To be: In a table with file names I want to replace Umlauts.

Current situation: This only works for parts of the rows with special characters. Often the string content is the same, but some rows do not work.
Expression: replaceUmlauts($Dateiname_bereinigt$,false )


The yellow mark shows where it is not working.
The green mark shows where it worked as expected.

I use KNIME version 5.1.1.

Can somebody help me to solve this?

Thanks for your help.

Hello @Patrick_LW

I guess you can try another function in this node: removeDiacritic.

Another thing you can check is the encoding used for the strings you are working with. It is always better to use UTF-8 if possible. This might be the reason the characters are not recognized as characters with umlauts. Just a hypothesis: maybe the characters that were not processed are considered as Swedish characters?

In the worst case you can try using Python functions to remove the diacritics/umlauts.

4 Likes

Hello @Artem
Thanks for your suggestions. The function removeDiacritic is working.
I can continue my workflow.

About your second hint.
The strings are created by List Files/Folders node, connected to Sharepoint Online Connector. It lists all .jpg and .pdf files in a folder. I do not know, if it is possible to check or change the encoding.

If you have any ideas about that, please let me know.

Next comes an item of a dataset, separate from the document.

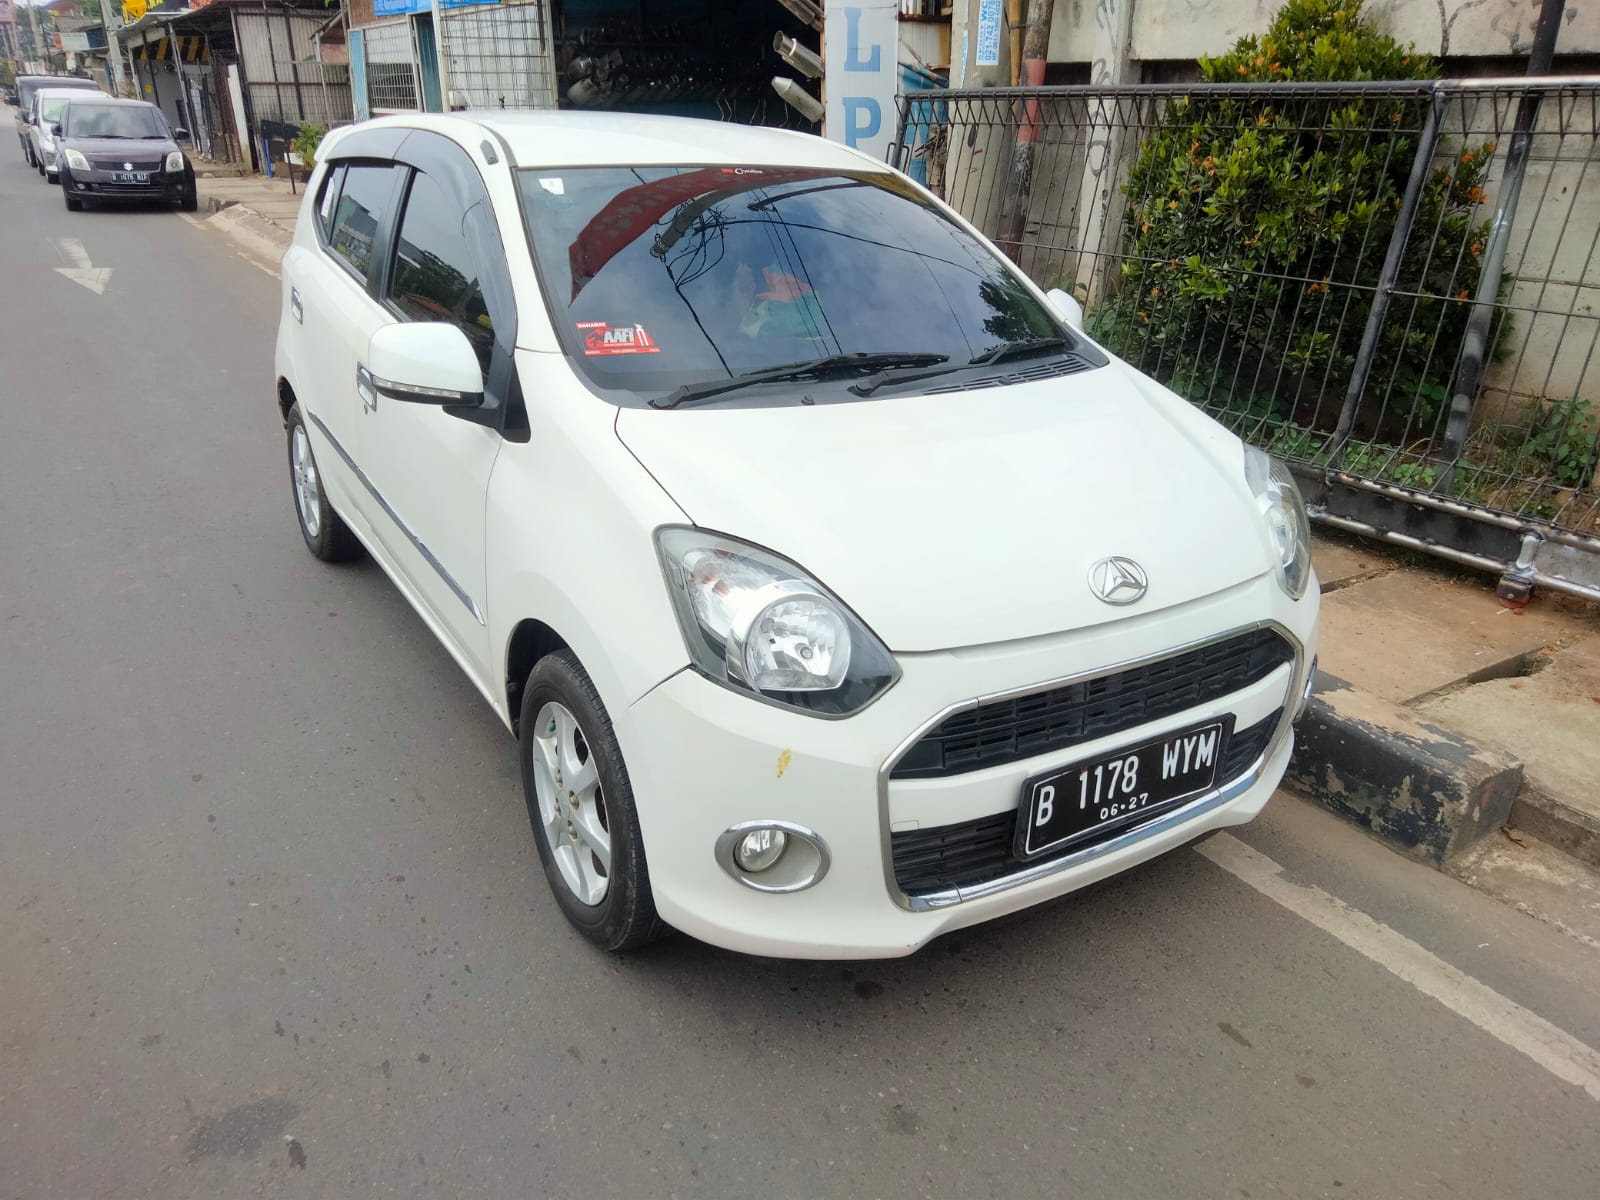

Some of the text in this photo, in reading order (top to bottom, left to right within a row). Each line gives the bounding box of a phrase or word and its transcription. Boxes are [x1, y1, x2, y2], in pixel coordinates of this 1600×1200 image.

I checked the settings of List Files/Folders node, there is no way you can specify character encoding there. So I assume it takes the encoding that is set up to be default in Knime or your OS.

I do not have opportunity to check how it works for Sharepoint, but perhaps somewhere in the nodes you used to connect Sharepoint there might be settings related to encoding. Otherwise the Sharepoint setting might be global for all the users and they only can be set up by the administrator.

This topic was automatically closed 7 days after the last reply. New replies are no longer allowed.